Data shown ::
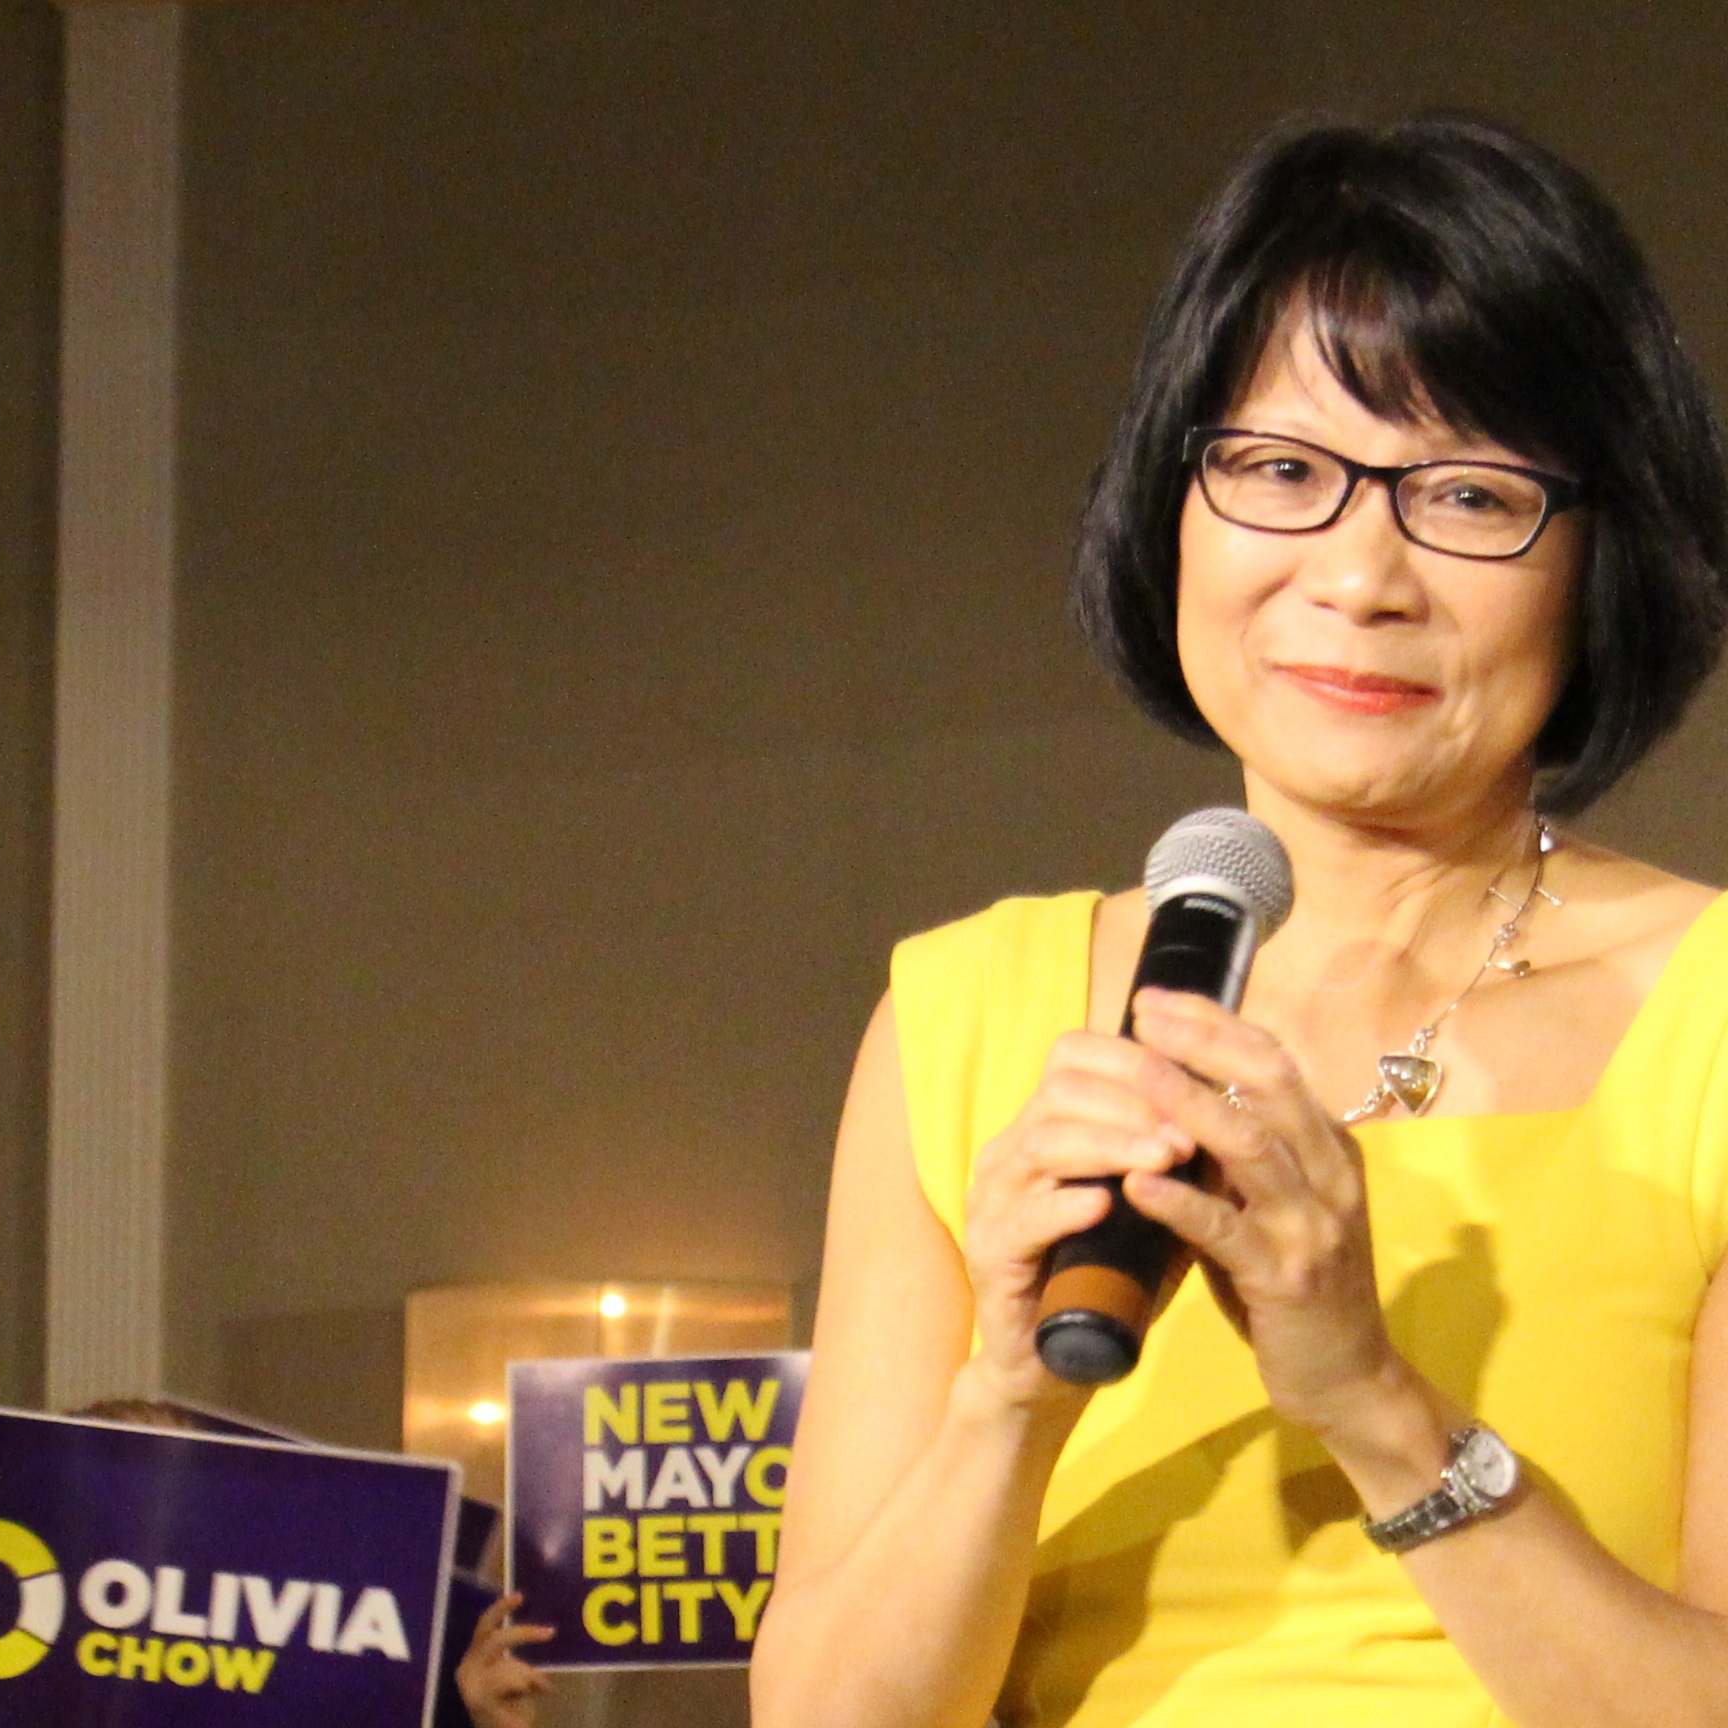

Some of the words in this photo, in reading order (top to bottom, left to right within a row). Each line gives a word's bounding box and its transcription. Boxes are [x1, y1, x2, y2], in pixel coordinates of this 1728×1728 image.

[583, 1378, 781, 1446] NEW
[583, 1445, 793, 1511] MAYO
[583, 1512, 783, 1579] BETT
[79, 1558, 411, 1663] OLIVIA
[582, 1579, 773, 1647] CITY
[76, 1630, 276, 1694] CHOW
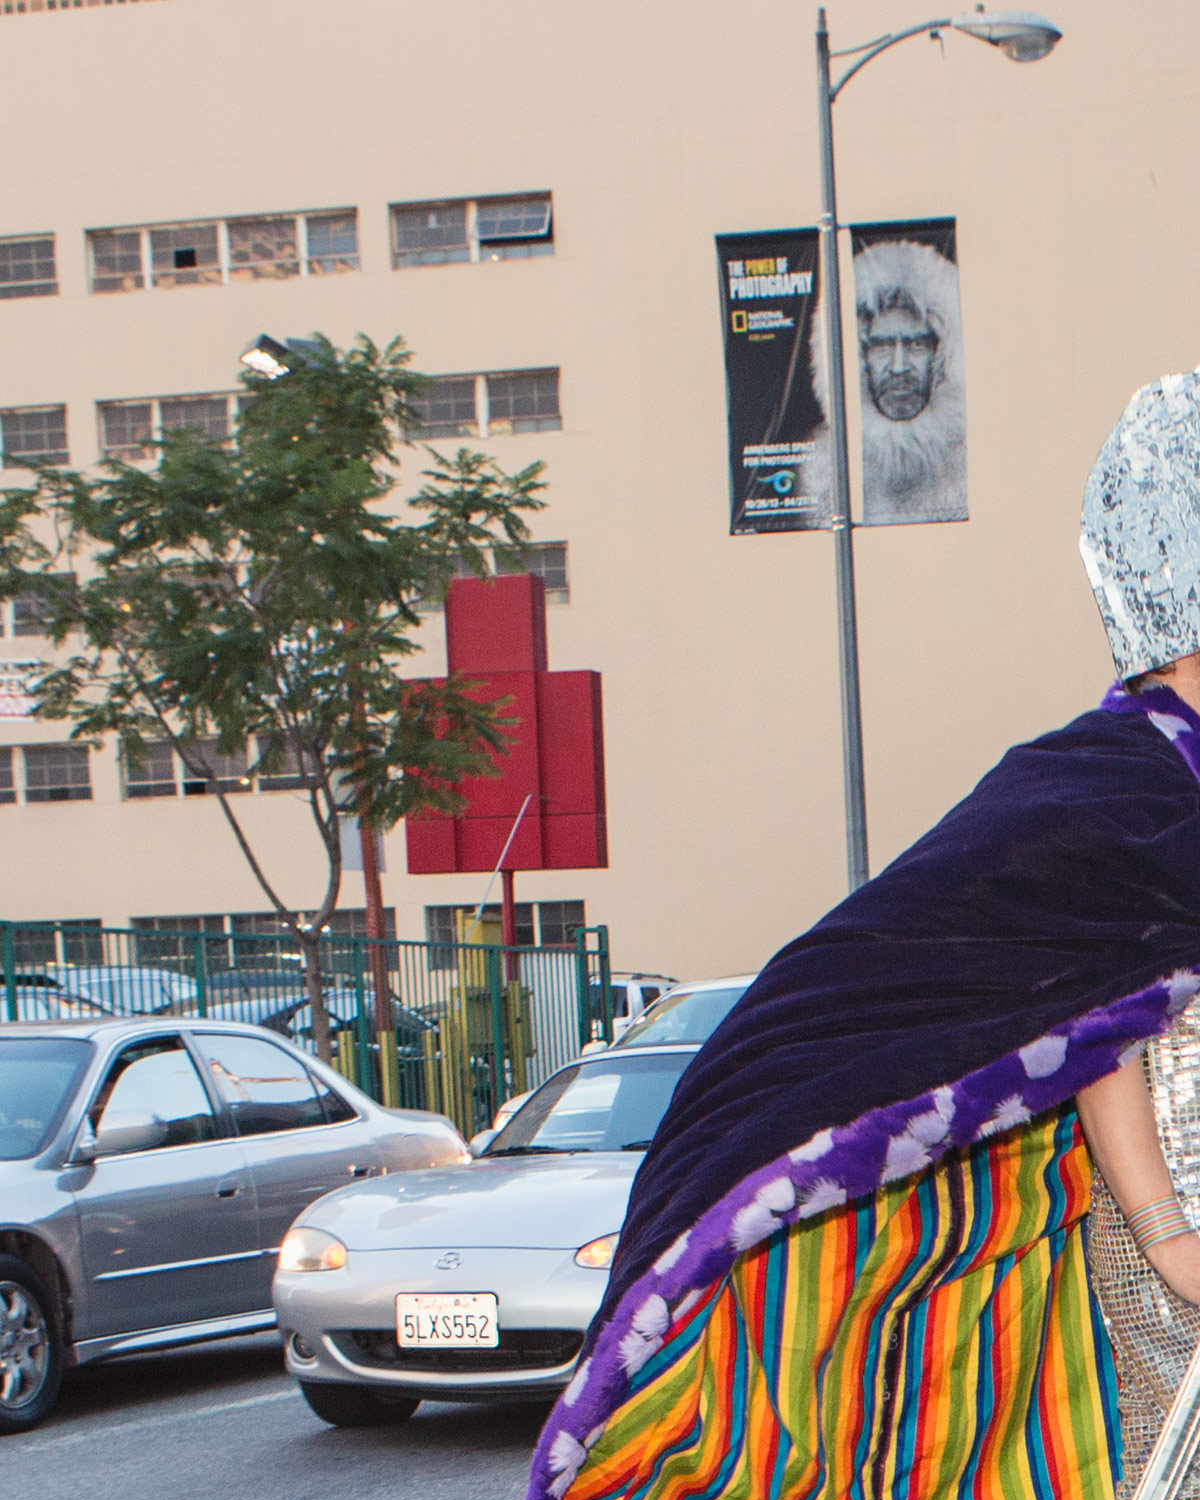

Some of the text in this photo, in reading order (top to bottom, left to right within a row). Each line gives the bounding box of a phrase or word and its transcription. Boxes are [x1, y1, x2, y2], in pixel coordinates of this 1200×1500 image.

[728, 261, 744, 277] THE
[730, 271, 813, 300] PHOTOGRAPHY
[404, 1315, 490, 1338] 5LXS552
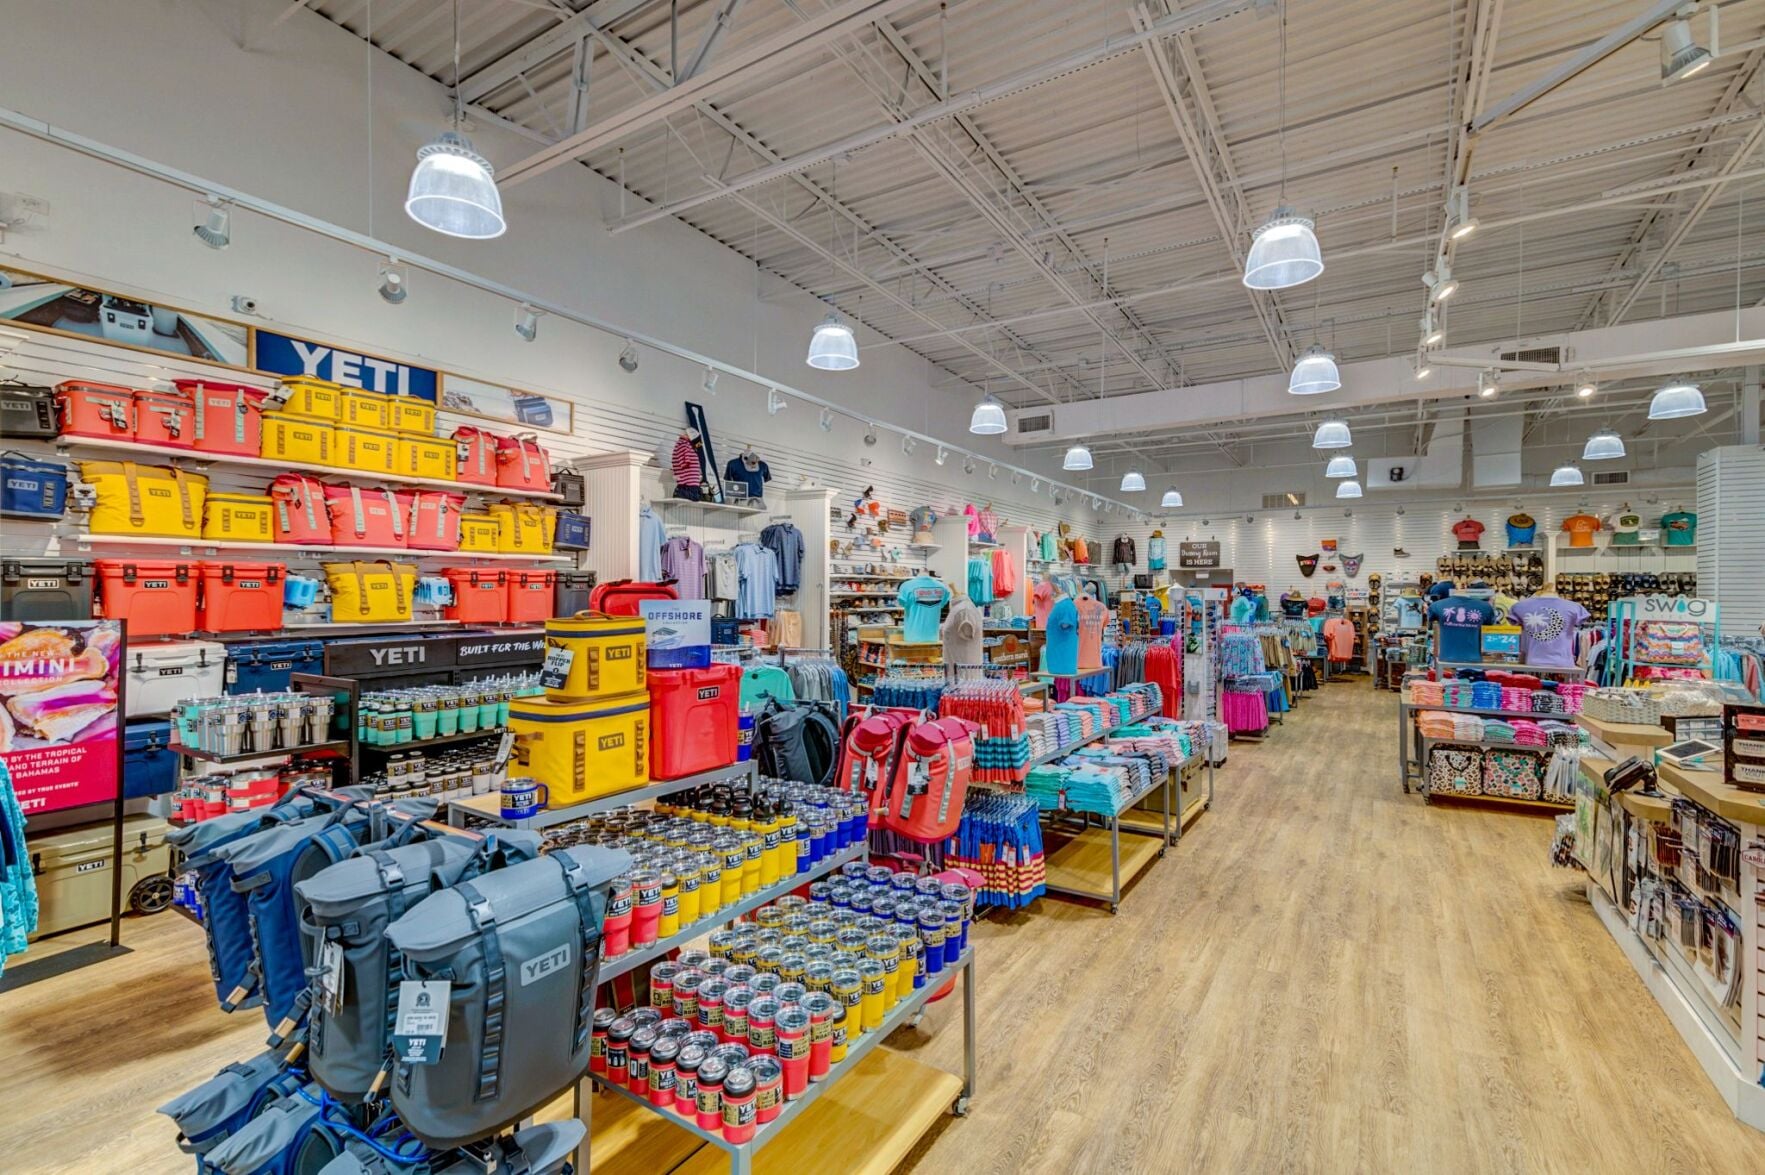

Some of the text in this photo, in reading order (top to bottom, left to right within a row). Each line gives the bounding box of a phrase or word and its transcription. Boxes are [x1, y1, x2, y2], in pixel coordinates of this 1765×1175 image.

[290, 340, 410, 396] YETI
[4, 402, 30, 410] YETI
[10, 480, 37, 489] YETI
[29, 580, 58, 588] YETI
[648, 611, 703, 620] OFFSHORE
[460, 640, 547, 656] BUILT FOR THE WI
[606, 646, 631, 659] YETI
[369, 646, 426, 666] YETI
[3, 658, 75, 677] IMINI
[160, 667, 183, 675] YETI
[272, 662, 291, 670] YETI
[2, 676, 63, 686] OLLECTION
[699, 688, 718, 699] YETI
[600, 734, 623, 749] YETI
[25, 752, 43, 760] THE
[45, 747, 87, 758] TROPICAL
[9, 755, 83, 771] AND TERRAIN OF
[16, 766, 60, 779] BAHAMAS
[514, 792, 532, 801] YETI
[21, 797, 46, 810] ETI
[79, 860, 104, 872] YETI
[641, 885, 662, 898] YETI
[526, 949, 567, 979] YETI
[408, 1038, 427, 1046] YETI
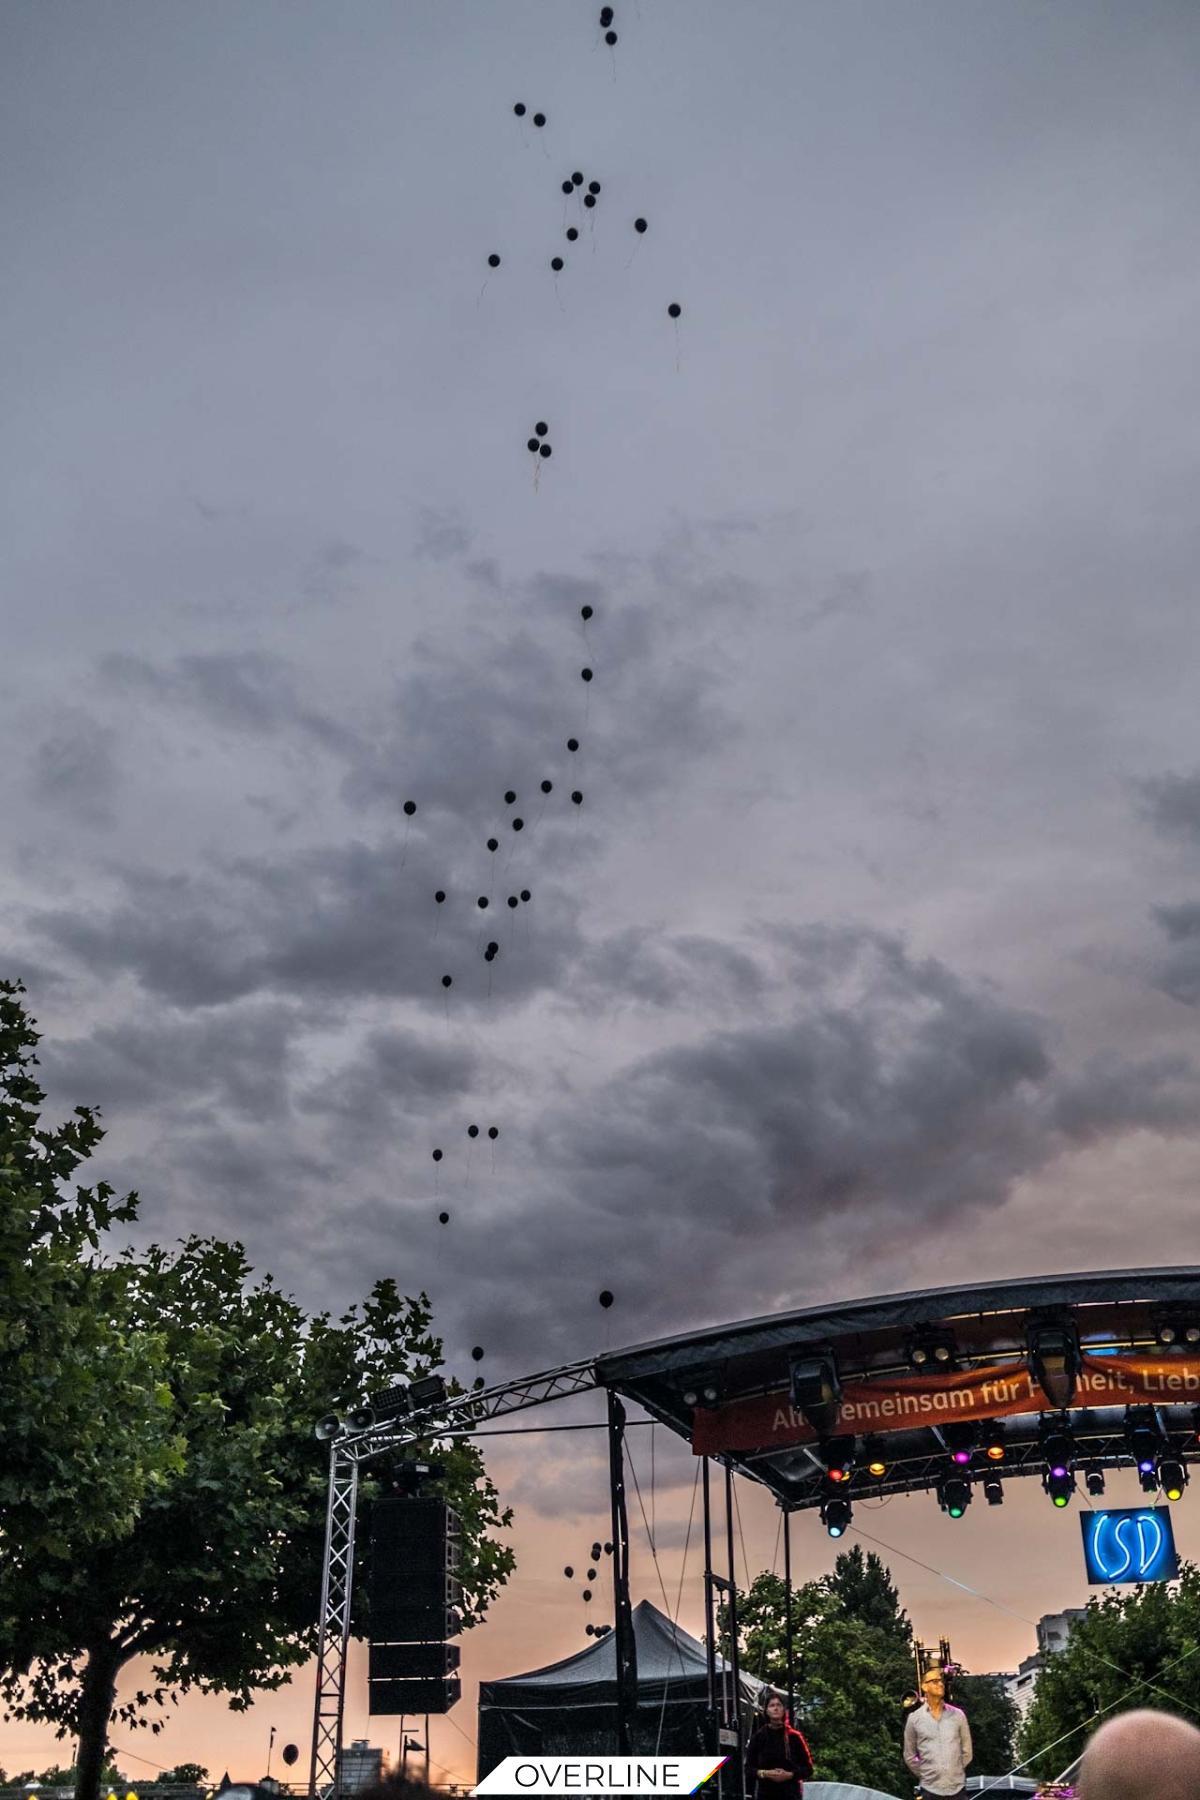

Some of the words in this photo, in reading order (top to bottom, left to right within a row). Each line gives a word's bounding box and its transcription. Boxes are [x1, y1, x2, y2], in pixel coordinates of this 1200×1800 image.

Instructions for the task ::
Every entry above should be written out again verbatim, with no pictures included.

Answer to the exercise ::
Some of the words in this photo, in reading order (top to bottom, left to right within a row). Each line gives a word's bounding box and its transcription. Boxes are [x1, y1, x2, y2], in pixel coordinates of this 1728×1728 image.

[583, 1378, 781, 1446] NEW
[583, 1445, 793, 1511] MAYO
[583, 1512, 783, 1579] BETT
[79, 1558, 411, 1663] OLIVIA
[582, 1579, 773, 1647] CITY
[76, 1630, 276, 1694] CHOW

Some of the text in this photo, in reading order (top to bottom, left to right within a row). Each line gives the bounding box of a phrase or word and its transcription. Boxes are [x1, y1, x2, y2], in pixel coordinates of this 1200×1500 image.

[728, 261, 744, 277] THE
[730, 271, 813, 300] PHOTOGRAPHY
[404, 1315, 490, 1338] 5LXS552

Some of the text in this photo, in reading order (top to bottom, left to right within a row). Each line gives the bounding box of a phrase or word and its transcription. Boxes are [x1, y1, x2, y2], in pixel coordinates of this 1765×1175 image.

[290, 340, 410, 396] YETI
[4, 402, 30, 410] YETI
[10, 480, 37, 489] YETI
[29, 580, 58, 588] YETI
[648, 611, 703, 620] OFFSHORE
[460, 640, 547, 656] BUILT FOR THE WI
[606, 646, 631, 659] YETI
[369, 646, 426, 666] YETI
[3, 658, 75, 677] IMINI
[160, 667, 183, 675] YETI
[272, 662, 291, 670] YETI
[2, 676, 63, 686] OLLECTION
[699, 688, 718, 699] YETI
[600, 734, 623, 749] YETI
[25, 752, 43, 760] THE
[45, 747, 87, 758] TROPICAL
[9, 755, 83, 771] AND TERRAIN OF
[16, 766, 60, 779] BAHAMAS
[514, 792, 532, 801] YETI
[21, 797, 46, 810] ETI
[79, 860, 104, 872] YETI
[641, 885, 662, 898] YETI
[526, 949, 567, 979] YETI
[408, 1038, 427, 1046] YETI

Some of the words in this photo, in reading order (top to bottom, left to right within a row). Each line gives a word's bounding box and its transcription. Boxes are [x1, y1, x2, y2], in pixel coordinates of this 1200×1800 image.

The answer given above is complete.